In the past, Cybermart mostly rented buildings to open up new IT malls, but starting in 2011, Foxconn turned to establishing its own buildings for new malls and the company is currently evaluating about 50 properties for possible mall locations in the future.
Foxconn is set to invest $131.83 million over three years to establish a 12-floor building for the Taipei IT Mall project, DigiTimes reports. The article does not specifically say whether Foxconn will sell electronics products through the retail chain. But it would make sense if it does.

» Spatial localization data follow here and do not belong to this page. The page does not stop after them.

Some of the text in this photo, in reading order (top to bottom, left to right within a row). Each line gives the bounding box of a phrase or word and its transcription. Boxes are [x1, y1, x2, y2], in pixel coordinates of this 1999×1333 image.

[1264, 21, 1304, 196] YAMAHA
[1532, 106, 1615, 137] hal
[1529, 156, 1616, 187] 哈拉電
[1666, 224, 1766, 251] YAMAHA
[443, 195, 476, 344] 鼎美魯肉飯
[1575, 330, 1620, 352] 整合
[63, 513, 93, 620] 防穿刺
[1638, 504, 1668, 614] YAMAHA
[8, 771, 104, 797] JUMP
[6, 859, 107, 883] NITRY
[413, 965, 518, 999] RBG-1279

The closest comparison that comes to mind is Foxconn customer Apple Inc. (Nasdaq: AAPL). Apple has retained a certain level of vertical integration as it develops chips and the display technology used in its products. For manufacturing, Apple relies on companies such as Foxconn, but then Apple sells its products through popular retail outlets such as BestBuy and through the Apple Store. The Apple Store model, with its superior customer service, has been so successful that JC Penney recently tapped Apple Senior Vice President Retail Ron Johnson as its CEO.

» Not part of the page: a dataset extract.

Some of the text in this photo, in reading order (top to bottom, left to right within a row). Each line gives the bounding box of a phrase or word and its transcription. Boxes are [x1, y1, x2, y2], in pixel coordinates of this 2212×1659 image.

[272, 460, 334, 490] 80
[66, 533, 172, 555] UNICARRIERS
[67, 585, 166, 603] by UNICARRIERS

At the same time, Apple presumably does not own most of the facilities its retail fronts are located in -- most stores are in already-established mall properties, and in Massachusetts, at least, most of the malls are built and owned by property development and management companies.

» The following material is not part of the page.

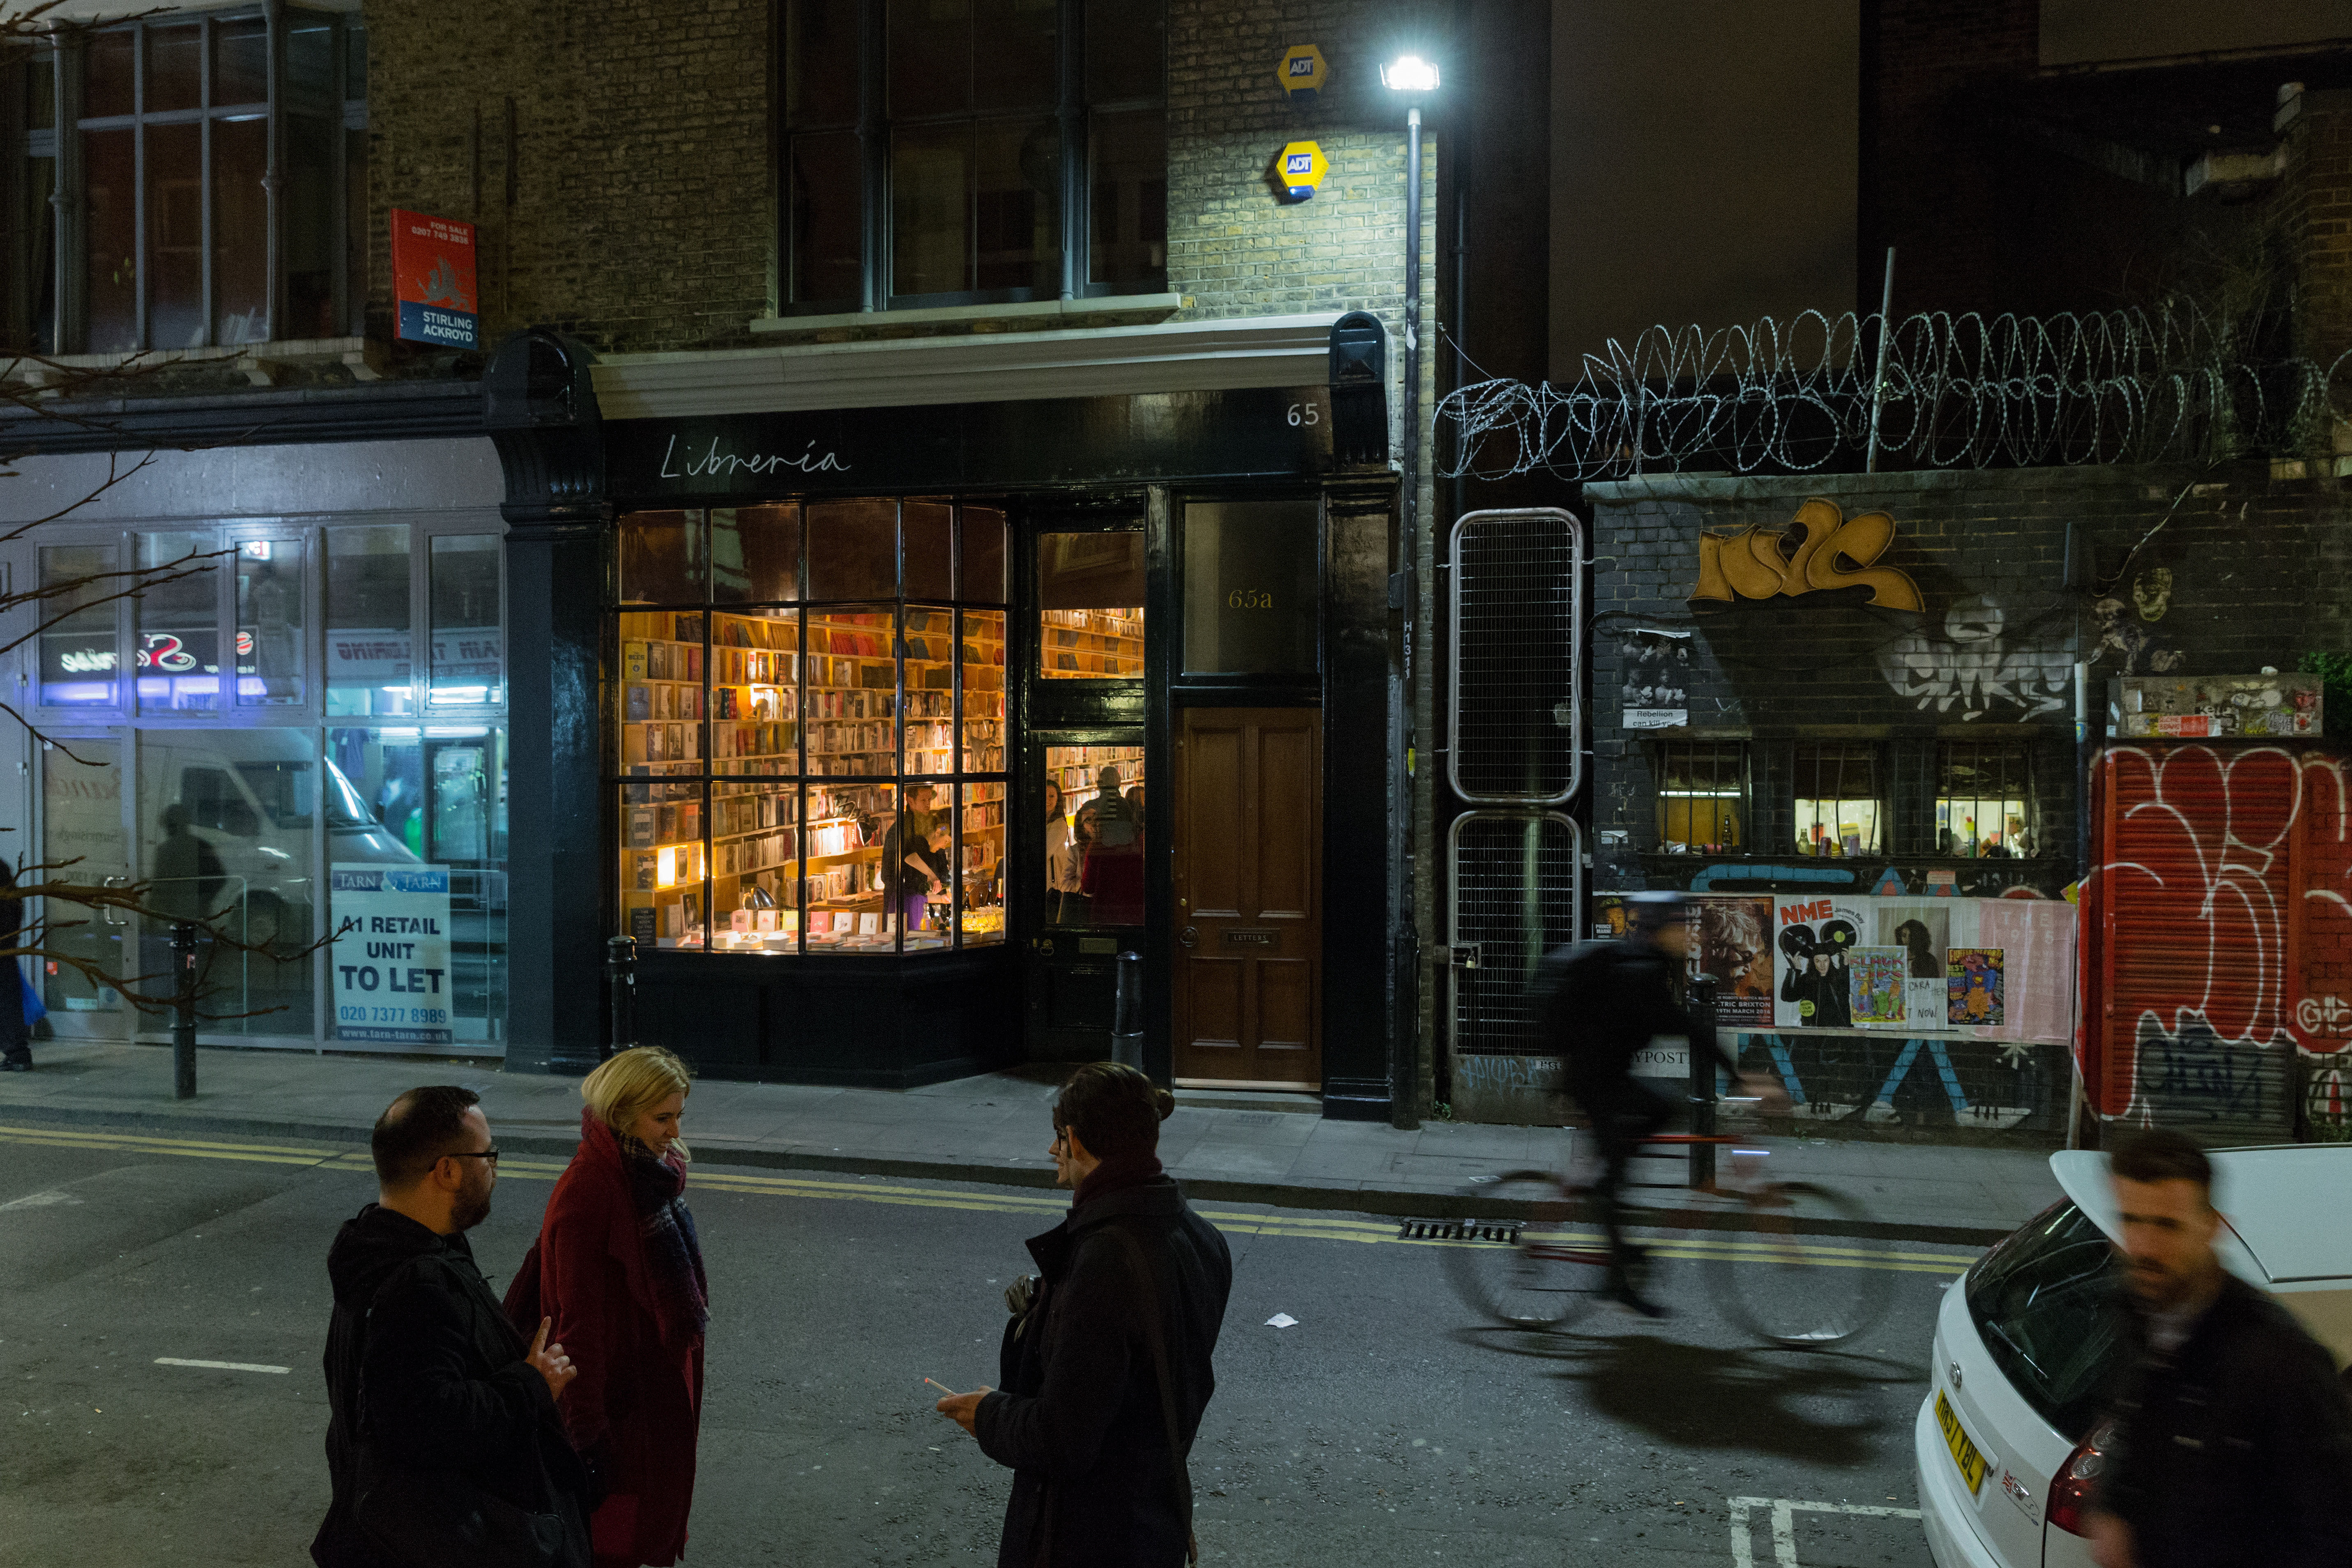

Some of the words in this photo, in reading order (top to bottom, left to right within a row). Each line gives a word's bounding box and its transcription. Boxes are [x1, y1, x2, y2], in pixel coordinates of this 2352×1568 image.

So think about this for a moment: Foxconn is manufacturing everything from components to finished systems, is able to provide the lowest possible cost model to companies that outsource their manufacturing, and is now entering the retail market. If Foxconn also builds and owns the storefronts through which it sells products, can anyone possibly beat that cost model? I doubt it. Even if Foxconn sells brands from other companies it manufactures for, the savings are considerable.
Retail is a challenge for most electronics companies. The inventory demands are rigorous: Consumers are notoriously fickle, and it's hard to predict what they are going to like. Most stores, such as BestBuy, will only take many products back if consumers pay a restocking fee. This covers the cost of sending products back to the manufacturer. Additionally, if sales start to lag, retail outlets will host various sales and promotions, but they have to get the brand owner to buy into the program. Rebates are such a paperwork nightmare that many companies actually outsource that function to a third party.
Then there is post-sales support. Some manufacturers actually continue to support their products; a Hewlett-Packard Co. (NYSE: HPQ) laptop you buy at BestBuy, for example, is sent back to HP, which repairs it and sends it back. All of this adds to the dollars consumers must pay for both products and services.
But if the manufacturer controls that process from concept though delivery, how many costs can be eliminated? The possibilities are endless.
Of course, there are challenges associated with property ownership, construction, renting retail space, and many of the other things Foxconn is dealing with as it builds shopping malls. Companies have been known to become stretched too thin by trying to be too many things to too many people. But Foxconn has bucked some of those trends so far: It remains a force in the components business, even as it manufactures end products for other companies. I wouldn't bet against its ability to figure this one out too.